—Oui, mon père...
—Ah! nous y voilà, dit le prêtre, et laquelle?
—La pauvreté.
Le prêtre regarda Lucien en souriant et lui dit avec une grâce infinie et un sourire presque ironique:—Le diamant ignore sa valeur.
—Il n'y a qu'un prêtre qui puisse flatter un homme pauvre qui s'en va mourir!... s'écria Lucien.
—Vous ne mourrez pas, dit l'Espagnol avec autorité.
—J'ai bien entendu dire, reprit Lucien, qu'on dévalisait les gens sur la route, je ne savais pas qu'on les y enrichît.

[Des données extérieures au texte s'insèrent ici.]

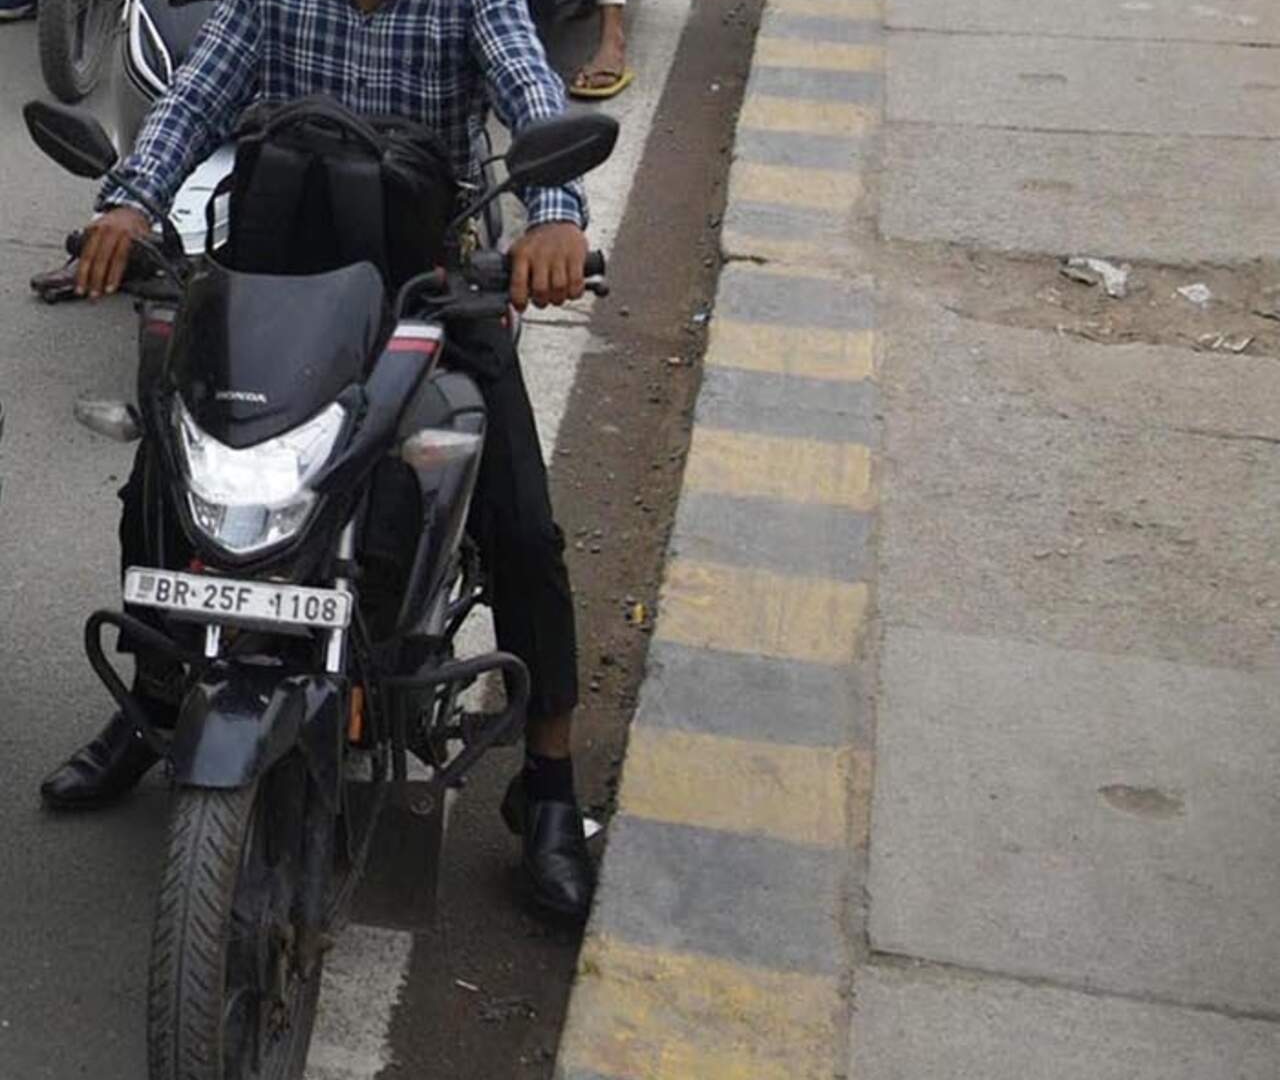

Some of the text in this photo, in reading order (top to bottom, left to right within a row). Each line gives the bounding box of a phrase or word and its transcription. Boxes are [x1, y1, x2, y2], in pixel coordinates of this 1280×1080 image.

[215, 391, 268, 403] HONDA
[155, 578, 190, 606] BR
[203, 585, 252, 612] 25F
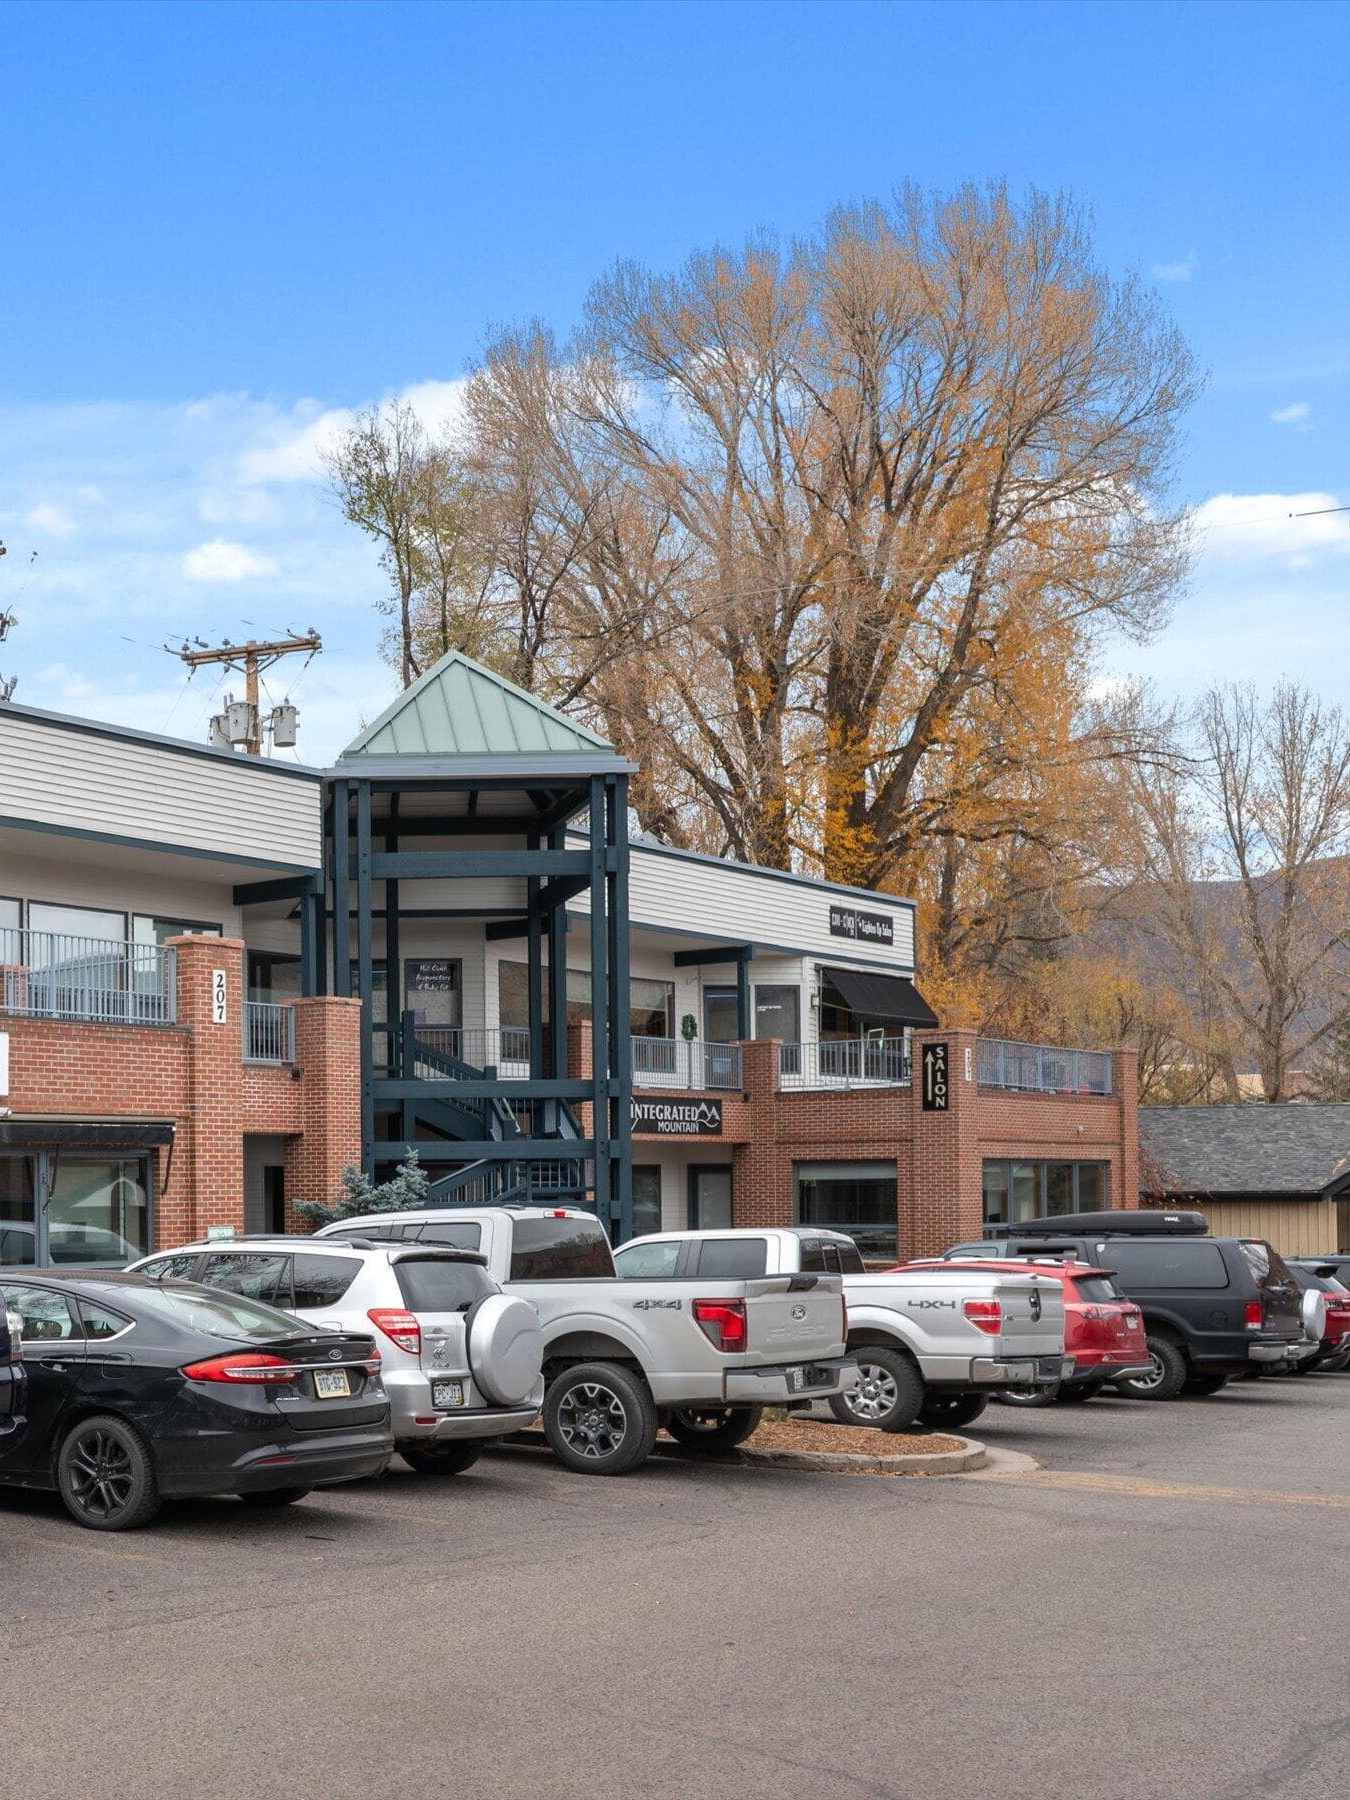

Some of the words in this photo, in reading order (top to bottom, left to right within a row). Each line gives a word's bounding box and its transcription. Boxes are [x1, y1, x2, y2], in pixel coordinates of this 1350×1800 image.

[216, 974, 225, 1020] 207
[934, 1046, 946, 1108] SALON
[630, 1103, 698, 1121] INTEGRATED
[657, 1121, 699, 1133] MOUNTAIN

—Vous allez le savoir, dit le prêtre après avoir examiné si la distance à laquelle se trouvait la voiture leur permettait de faire seuls encore quelques pas. Écoutez-moi, dit le prêtre en mâchonnant son cigare, votre pauvreté ne serait pas une raison pour mourir. J'ai besoin d'un secrétaire, le mien vient de mourir à Irun. Je me trouve dans la situation où fut le baron de Goërtz, le fameux ministre de Charles XII, qui arriva sans secrétaire dans une petite ville en allant en Suède, comme moi je vais à Paris. Le baron rencontra le fils d'un orfèvre, remarquable par une beauté qui ne pouvait certes pas valoir la vôtre... Le baron de Goërtz trouve à ce jeune homme de l'intelligence, comme moi je vous trouve de la poésie au front; il le prend dans sa voiture, comme moi je vais vous prendre dans la mienne; et, de cet enfant condamné à brunir des couverts et à fabriquer des bijoux dans une petite ville de province comme Angoulême, il en fait son favori, comme vous serez le mien. Arrivé à Stockholm, il installe son secrétaire et l'accable de travaux. Le jeune secrétaire passe les nuits à écrire; et, comme tous les grands travailleurs, il contracte une habitude, il se met à mâcher du papier. Feu monsieur de Malesherbes faisait, lui, des camouflets et il en donna, par parenthèse, un à je ne sais quel personnage dont le procès dépendait de son rapport. Notre beau jeune homme commence par du papier blanc, mais il s'y accoutume et passe aux papiers écrits qu'il trouve plus savoureux. On ne fumait pas encore comme aujourd'hui. Enfin le petit secrétaire en arrive, de saveur en saveur, à mâchonner des parchemins et à les manger. On s'occupait alors, entre la Russie et la Suède, d'un traité de paix que les États imposaient à Charles XII, comme en 1814 on voulait forcer Napoléon à traiter de la paix. La base des négociations était le traité fait entre les deux puissances à propos de la Finlande; Goërtz en confie l'original à son secrétaire; mais, quand il s'agit de soumettre le projet aux États, il se rencontrait cette petite difficulté, que le traité ne se trouvait plus. Les États imaginent que le ministre, pour servir les passions du Roi, s'est avisé de faire disparaître cette pièce, le baron de Goërtz est accusé: son secrétaire avoue alors avoir mangé le traité.... On instruit un procès, le fait est prouvé, le secrétaire est condamné à mort. Mais, comme vous n'en êtes pas là, prenez un cigare, et fumez-le en attendant notre calèche.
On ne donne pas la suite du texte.